フィギュアスケートの大会において、選手たちの演技は「技術点」と「演技構成点」で採点される。「技術点」がジャンプの難易度や完成度などの評価を示すのに対し、「演技構成点」は芸術性などをもとに評価される。4回転アクセルに成功するなど「4回転の神」の異名をとるマリニンだが、今季は昨シーズンに続き、振付や芸術性を重視していくという。

とはいえ、昨年の世界選手権で銅メダルを手にした彼が、フィギュア界で広く知られているそのニックネームを放棄するというわけではない。

10月20〜22日の「スケートアメリカ」で開幕するグランプリシリーズ2023-24を前に、彼は記者団に対し「僕にとって(ジャンプには)限界がないと感じています」と話し、「自分の体を見渡して、すべてが健康であることを確認することで、物理に逆らうような方法で自分を追い込むことができると思う」と続けた。

4回転アクセル(4回転半ジャンプ)を競技会で成功させた唯一のスケーターであるマリニンだが、グランプリ開幕戦でこのジャンプに挑戦する予定はない。その理由はアメリカ大会でしっかりと成績を残して、12月のグランプリファイナル出場を確かなものにするためだ。

「ファイナルでは4回転アクセルと4回転ループを追加するかもしれないけど、グランプリシリーズでは、プログラムをミスなく滑りたい。それが一番の目標です」とマリニンは話す。

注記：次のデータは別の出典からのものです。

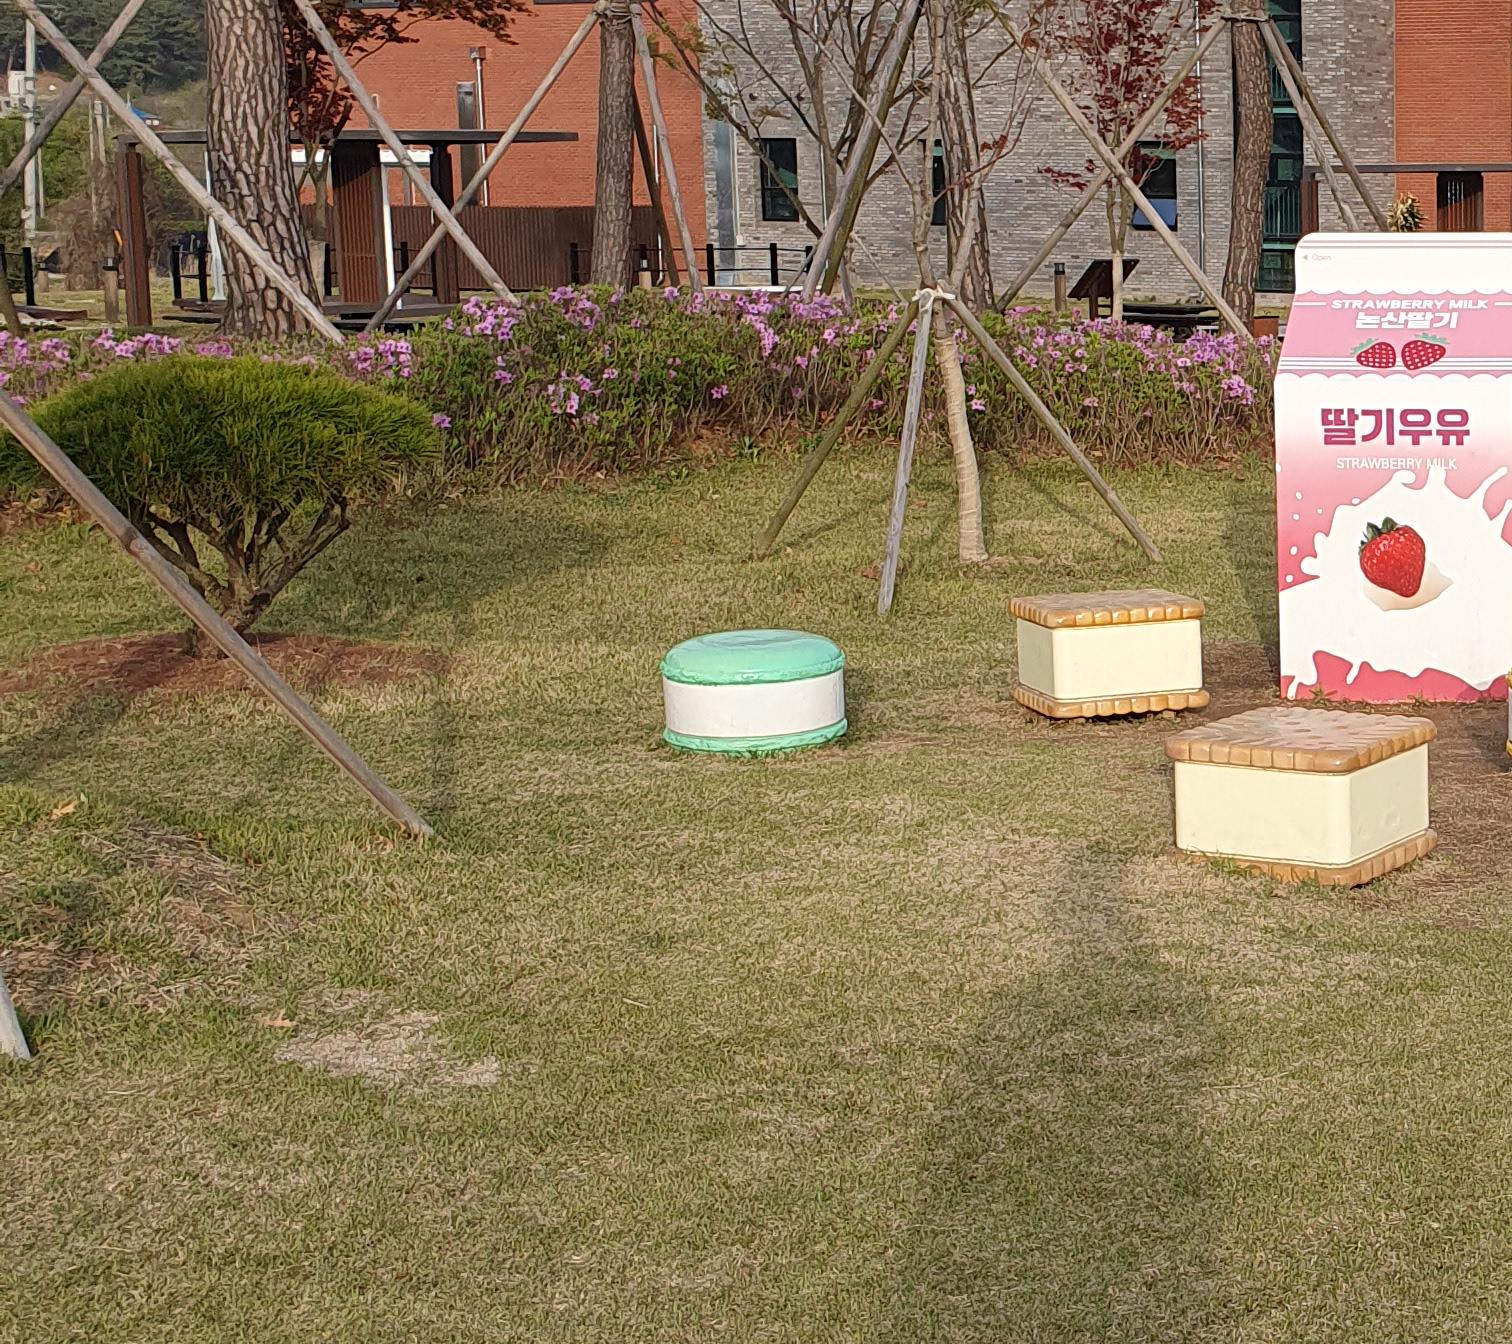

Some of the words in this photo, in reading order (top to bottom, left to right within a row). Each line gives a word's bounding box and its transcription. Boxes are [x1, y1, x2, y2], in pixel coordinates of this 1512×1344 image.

[1331, 299, 1446, 310] STRAWBERRY
[1448, 299, 1489, 310] MILK
[1355, 311, 1459, 329] 논산딸기
[1321, 408, 1470, 446] 딸기우유
[1336, 457, 1423, 470] STRAWBERRY
[1426, 457, 1457, 470] MILK
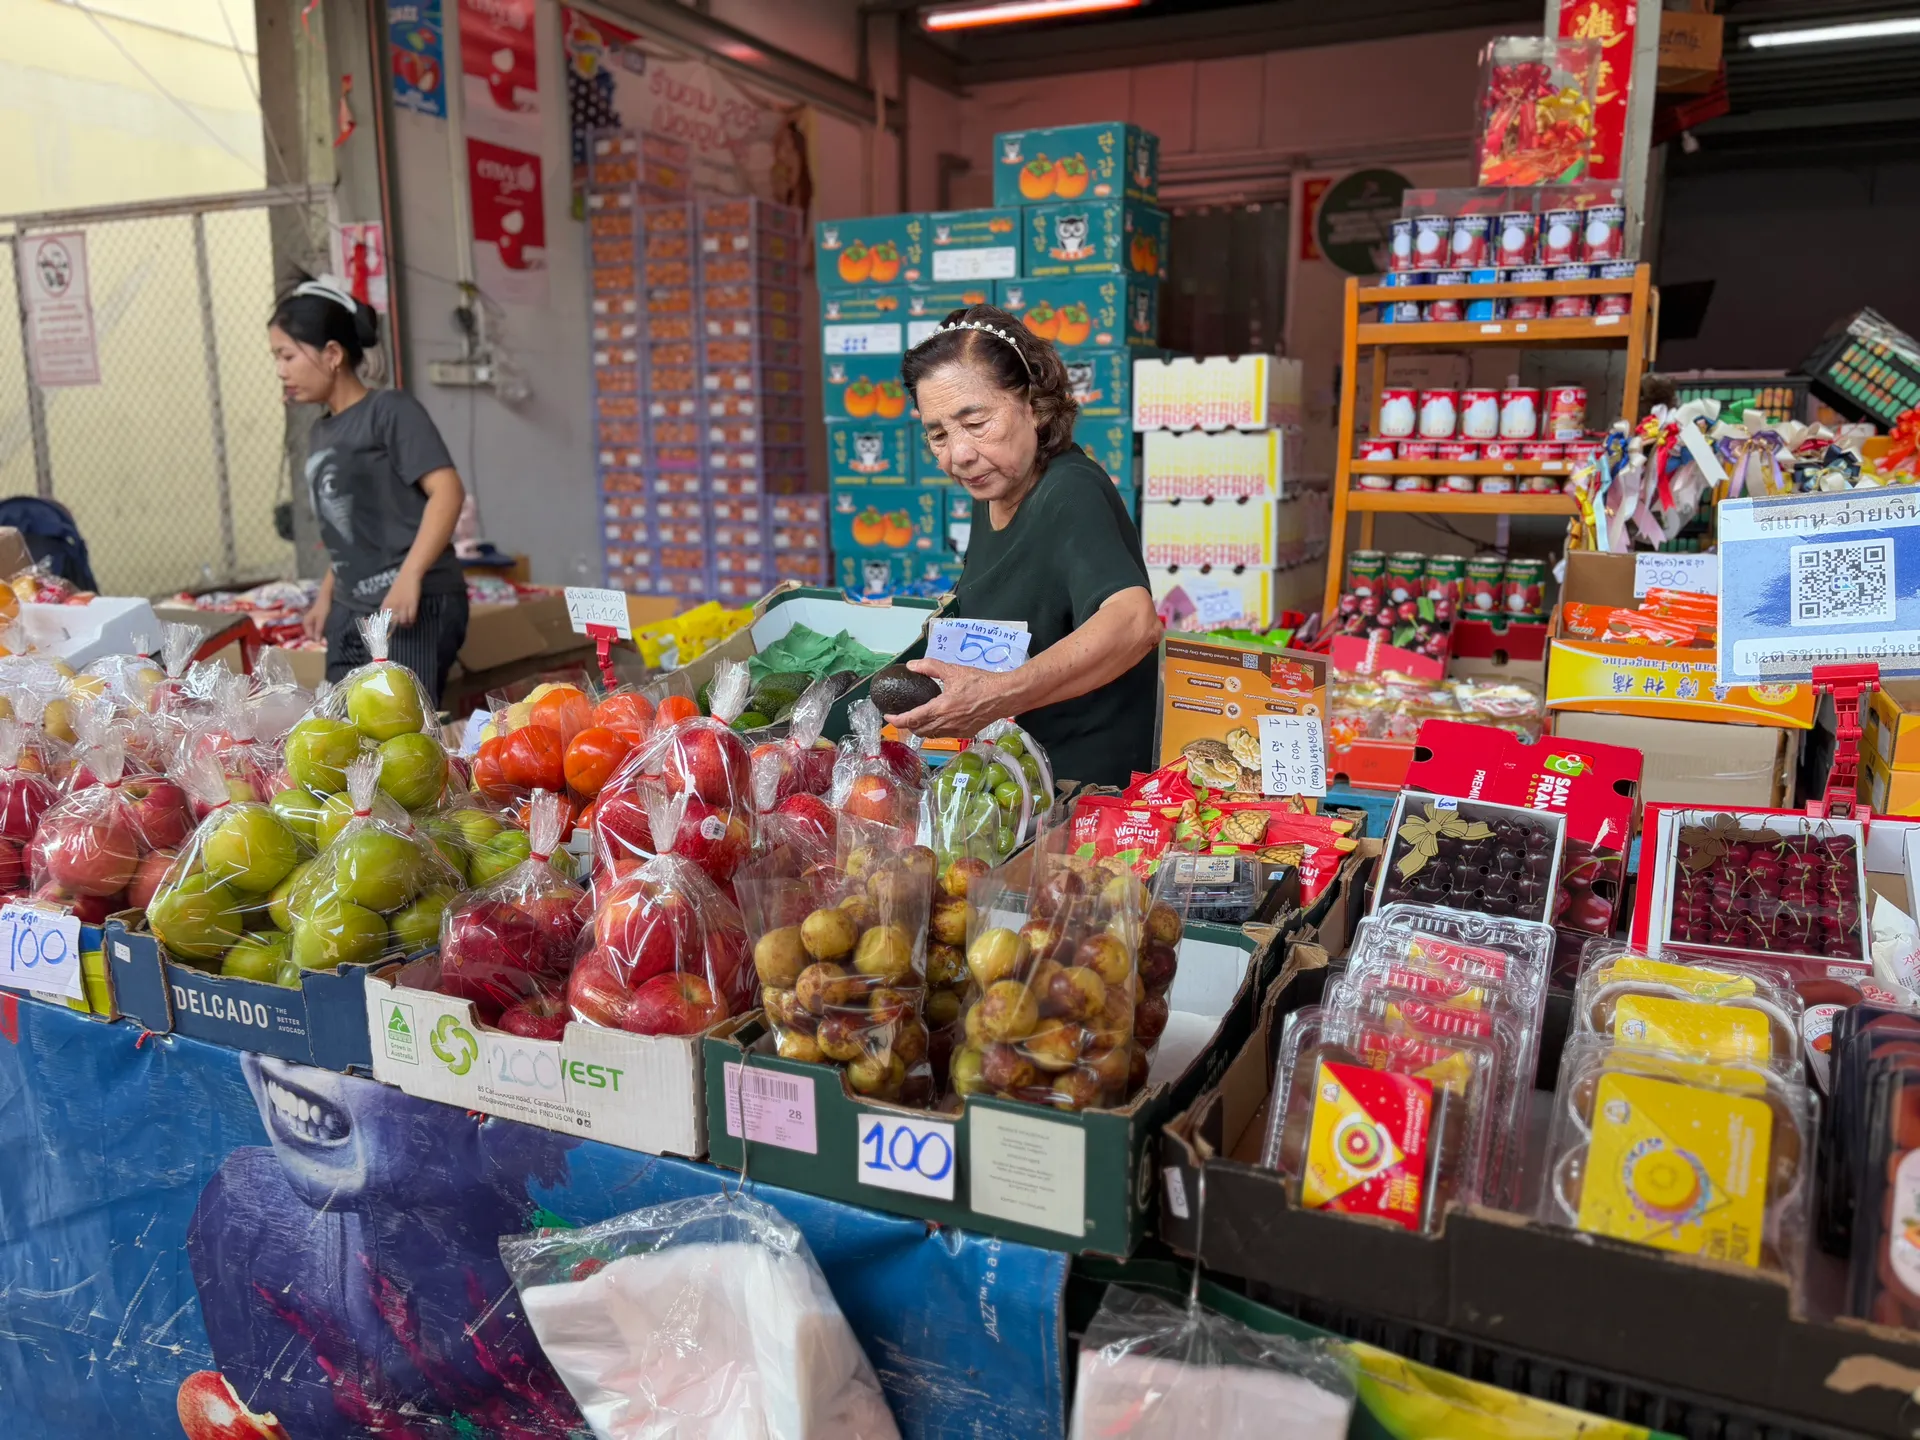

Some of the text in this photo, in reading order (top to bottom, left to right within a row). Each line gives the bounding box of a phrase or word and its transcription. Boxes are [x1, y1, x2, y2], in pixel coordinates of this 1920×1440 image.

[1760, 512, 1829, 532] สแกน
[955, 632, 1012, 664] 50
[1745, 647, 1848, 665] เนตรชนก
[1602, 656, 1668, 672] Tangerine
[1671, 662, 1691, 673] Wo
[1292, 765, 1306, 785] 35
[1551, 777, 1572, 808] SAN
[1115, 826, 1160, 838] Walnut
[1117, 835, 1158, 846] Easy Peel
[11, 922, 67, 972] 100
[276, 1007, 288, 1015] THE
[277, 1016, 300, 1026] BETTER
[278, 1025, 306, 1036] AVOCADO
[391, 1042, 407, 1051] Grown
[391, 1050, 413, 1061] Australia
[493, 1043, 557, 1090] 200
[478, 1094, 573, 1123] info@avowest.com.au FIND US ON
[533, 1098, 566, 1112] Carabooda
[565, 1106, 576, 1114] WA
[576, 1109, 591, 1119] 6033
[788, 1109, 802, 1121] 28
[862, 1121, 953, 1181] 100
[1402, 1172, 1420, 1214] FRUIT
[982, 1271, 996, 1285] is

スポーツイベントやオリンピック予選を無料でライブストリーミング – クリックして今すぐ視聴しよう!

イリア・マリニン「焦点はセカンドマーク」

近年の国際フィギュアスケートは数字のゲームだ。氷上の一瞬一瞬が、より多くのポイントを積み上げるチャンスとなる。マリニンは歴史を刻んだアクセルジャンプだけでなく、4回転ジャンプの数々で「4回転の神」と呼ばれている。

しかし、芸術性に関しては遅れをとっている。2023年の世界選手権で宇野昌磨チャ・ジュンファン(大韓民国)に次いで3位となった彼は、優勝した宇野と総合得点で13点差、演技構成点の差は19点におよんだ。銀メダリストのチャと比べると、総合で8点差、演技構成点では14点差をつけられた。

宇野とチャは、ジャンプのスキルと氷上での魅惑的な動きを兼ね備えた、現代の男子スケーターの完璧な例である。

現在、尊敬する振付師シェイリーン・ボーンとともに芸術性を磨くマリニンは、「(私たちは)柔軟性、コーディネーション、腕や脚のラインや角度をよりきれいに見せるために取り組んでいます」と、その詳細な作業について語る。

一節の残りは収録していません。